Wikipedia is incomplete by design. The opportunity to share new information with the world is a major motivating factor among both new and established Wikipedia contributors. However, when important information about a topic is absent, incomplete, biased, or otherwise inaccessible to readers, these content gaps can undermine Wikipedia’s ability to serve the needs of its global audience. Although a great deal of research has been done to identify different types of gaps, and the characteristics of those gaps, there has not yet been an attempt to synthesize this body of work into actionable guidance for identifying, prioritizing, and measuring content gaps.
This literature review will follow the three-part classification of knowledge gap type outlined in the associated Wikimedia Research 2030 white paper: selection, extent, and framing gaps.
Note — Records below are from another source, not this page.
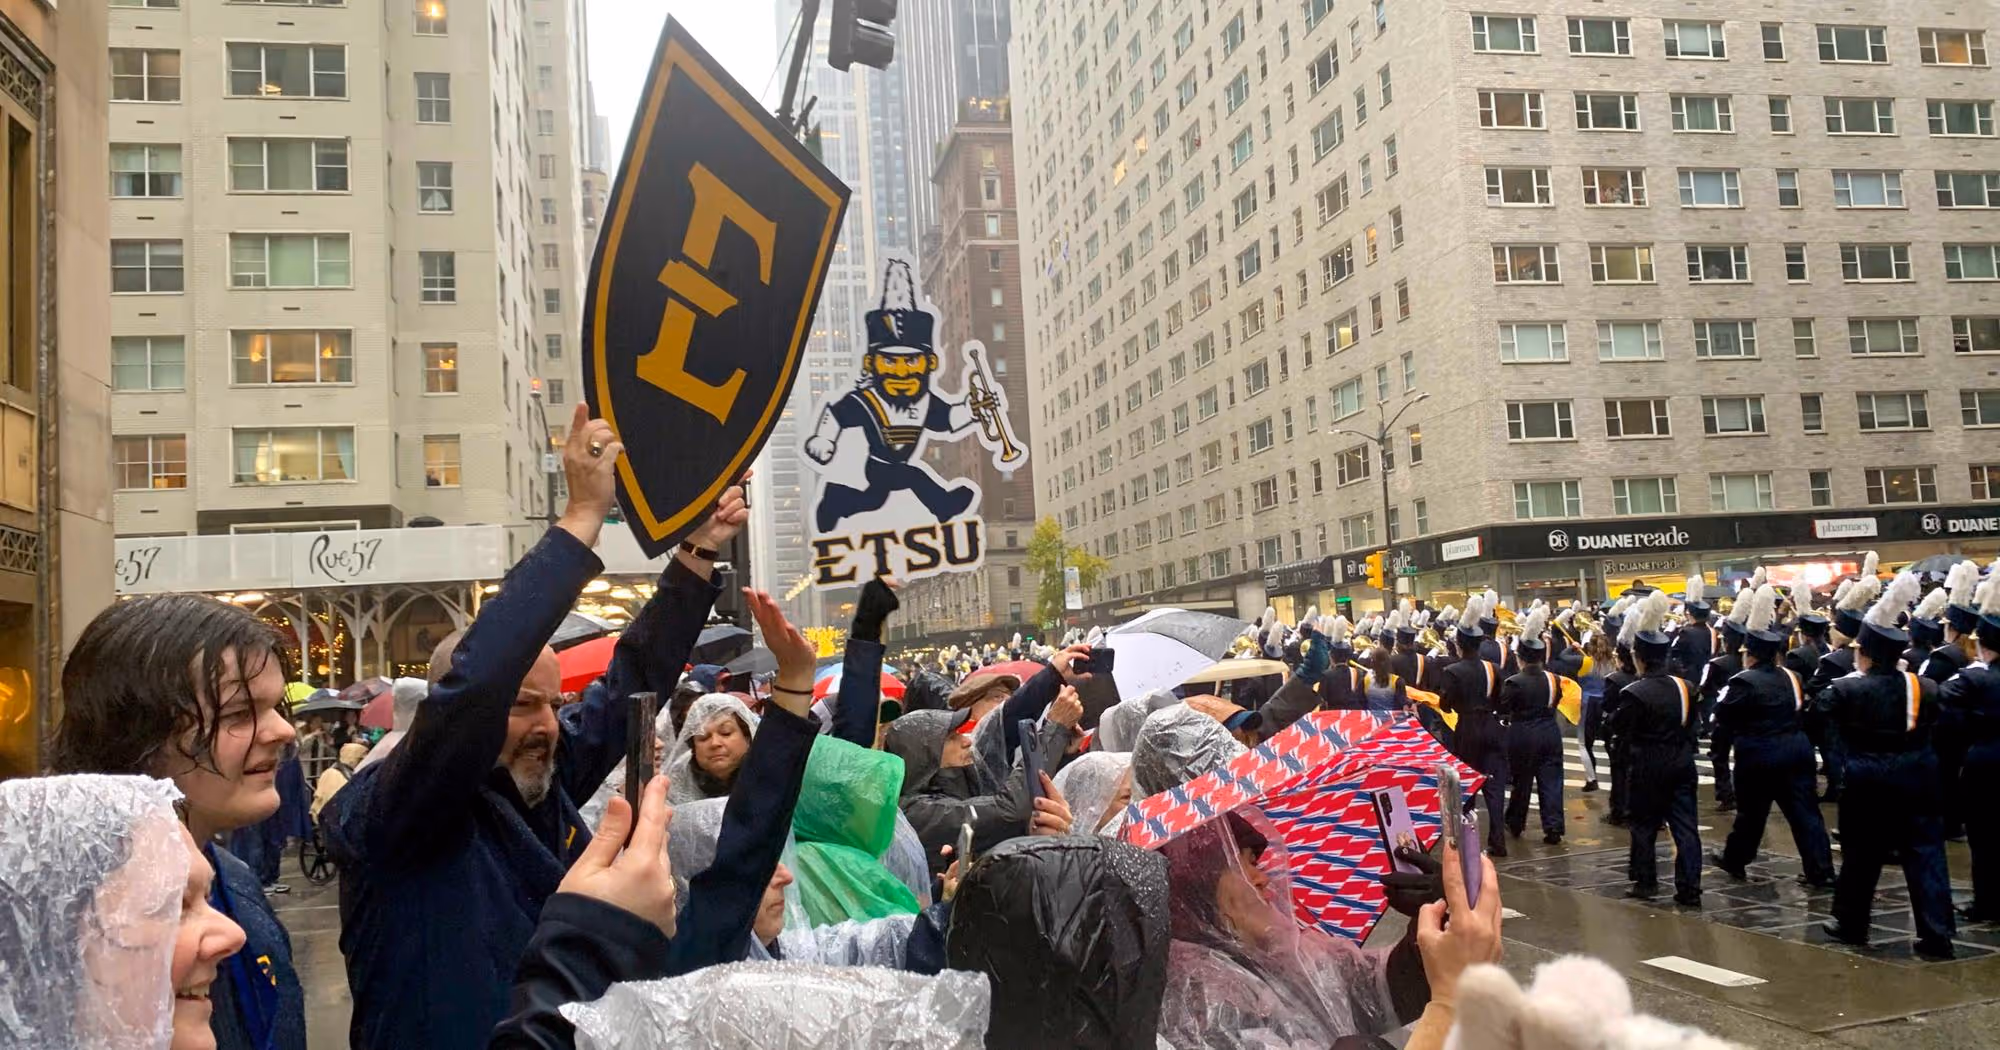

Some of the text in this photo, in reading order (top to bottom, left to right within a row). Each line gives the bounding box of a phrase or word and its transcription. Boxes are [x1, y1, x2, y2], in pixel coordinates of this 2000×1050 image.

[1822, 521, 1871, 537] pharmacy
[1947, 517, 2000, 532] DUANE
[1549, 526, 1690, 550] DR DUANEreade
[812, 520, 980, 585] ETSU
[115, 547, 162, 592] e57
The literature review will also:
- identify methods and metrics used to identify these kinds of gaps in previous research, and compare and contrast the benefits and limitations of these methods
- Identify potential causes of content gaps, and evaluate the evidence provided for these proposed causes in previous research
By organizing previous research according to thematic categories related to gap type, methods/metrics, and proposed causes, we will be able to provide the first draft of a taxonomy of content gaps on Wikipedia.
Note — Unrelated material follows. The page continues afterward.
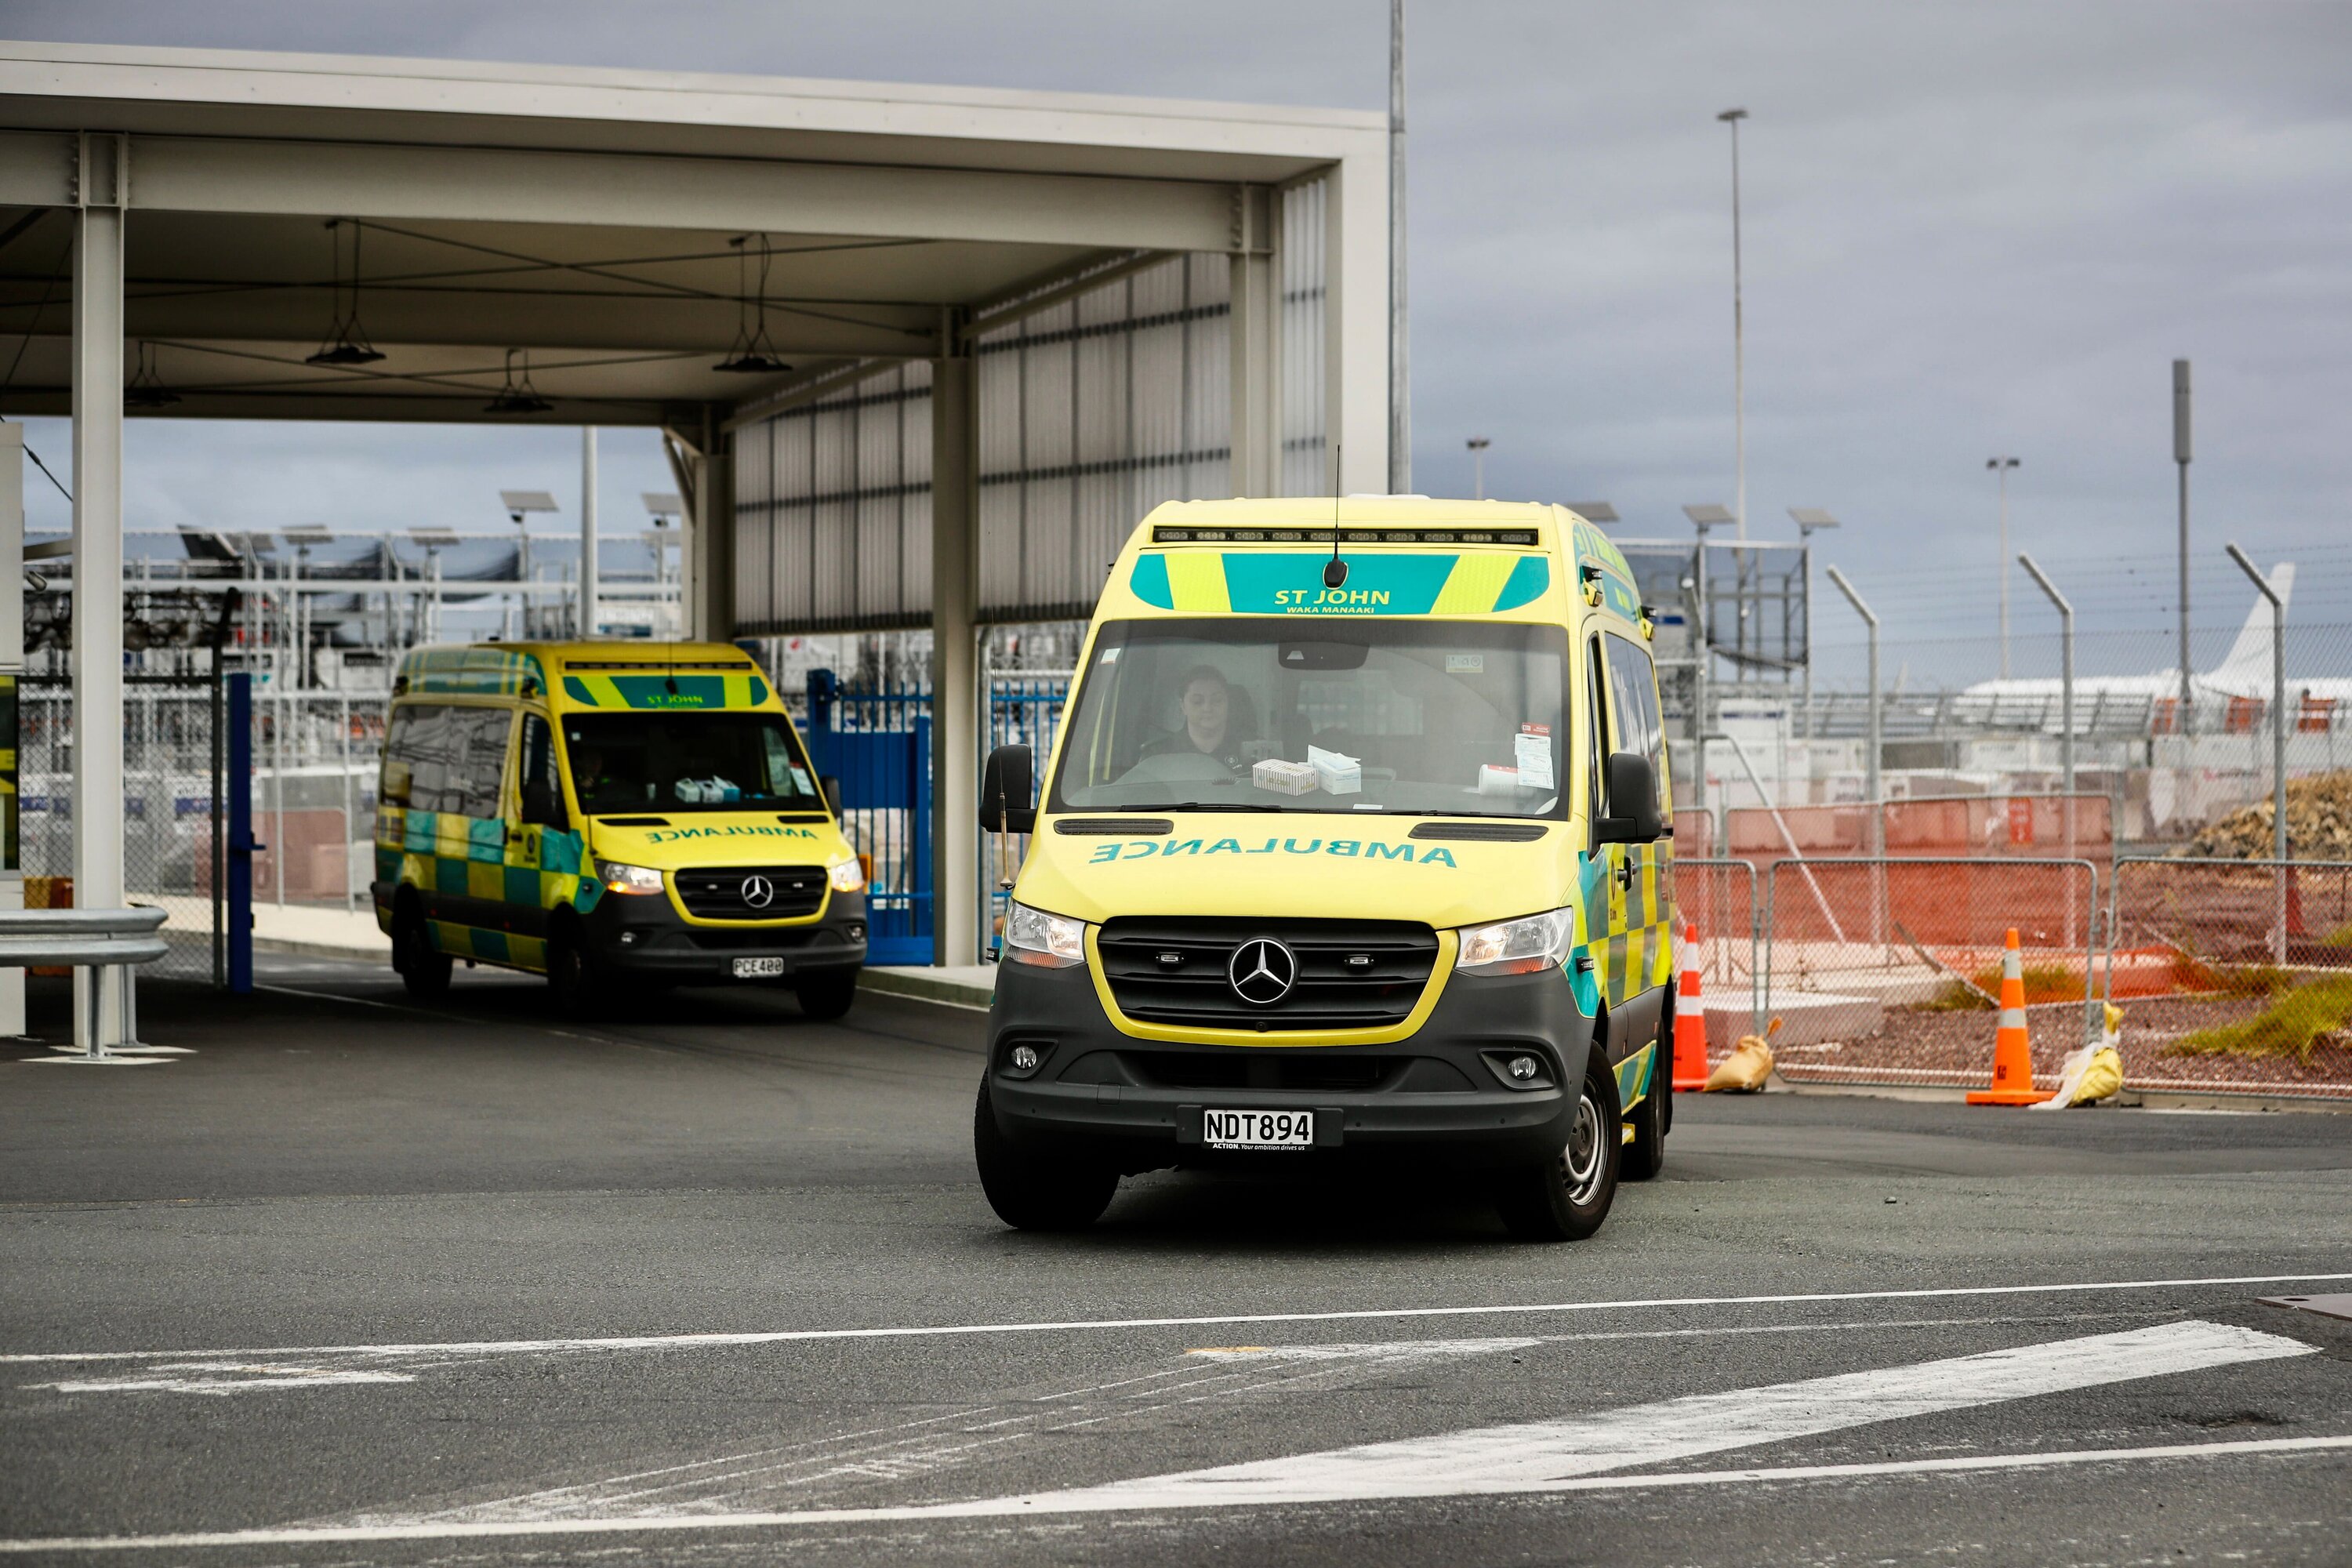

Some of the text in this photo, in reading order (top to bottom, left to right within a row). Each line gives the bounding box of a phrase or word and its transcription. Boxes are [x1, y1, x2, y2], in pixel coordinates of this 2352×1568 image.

[1275, 590, 1390, 605] ST JOHN
[647, 695, 662, 704] ST
[1207, 1113, 1309, 1141] NDT894
This literature review will focus on content gaps in information represented in text (e.g. Wikipedia articles, or other textual entities) or hypertext (e.g. links between articles, categories, and other text-based metadata). Multimedia gaps, and gaps specific to WikiData and other Wikimedia projects (e.g. Wiktionary) are beyond the scope of this literature review, and may be addressed in a separate study.
- Summarize findings from a body of relevant academic and industry research focused on content gaps related to the selection, extent, and framing of hypertextual Wikipedia content (e.g. text, links and citations, structured meta data, but not multimedia)
- Identify the empirical methods used in these various studies, and their advantages and limitations with respect to their general applicability for large-scale analysis of content gaps across different languages of Wikipedia and for different forms of hypertext-based information
- Identify the potential causes of content gaps described in these various studies, and the supporting evidence for each
- Develop a taxonomy of content gaps
- Provide recommendations for topic-, language-, and format-agnostic metrics and measurement techniques that can support the evaluation of both technological and programmatic interventions to close content gaps.
Hypotheses | Questions
- What are the selection, extent, and framing gaps that have been identified in previous literature?
- Which of the proposed causes for these gaps are best supported by currently available evidence?
- What are the characteristics of previous programmatic and technological interventions that have shown some success at addressing these content gaps?
- What metrics have been used to quantify extent or change over time in content gaps, and which of these metrics show most promise for general applicability—beyond a specific topic, language, or type of content?
Phase 1: Gathering a set of literature for review
- Perform a Google scholar search for terms related to content gaps
- Perform a search on the Research and Grants namespaces on Meta.Wik for terms related to content gaps
- Ask subject matter experts for recommendations of previous research related to content gaps
- Scan all articles and remove those that aren’t directly relevant
Phase 2: Review literature
- Analyze and summarize goals and methods of all research papers
- Analyze and summarize findings and recommendations of all research papers
- Supplement existing bibliography to review with previous research that is cited within these papers
Phase 3: Develop taxonomies and recommendations
- Organize goals and methods of papers into a taxonomy that includes themes (e.g. selection, extent, and framing) and sub-themes (e.g. topic-specific gaps, gaps related to contributor gaps)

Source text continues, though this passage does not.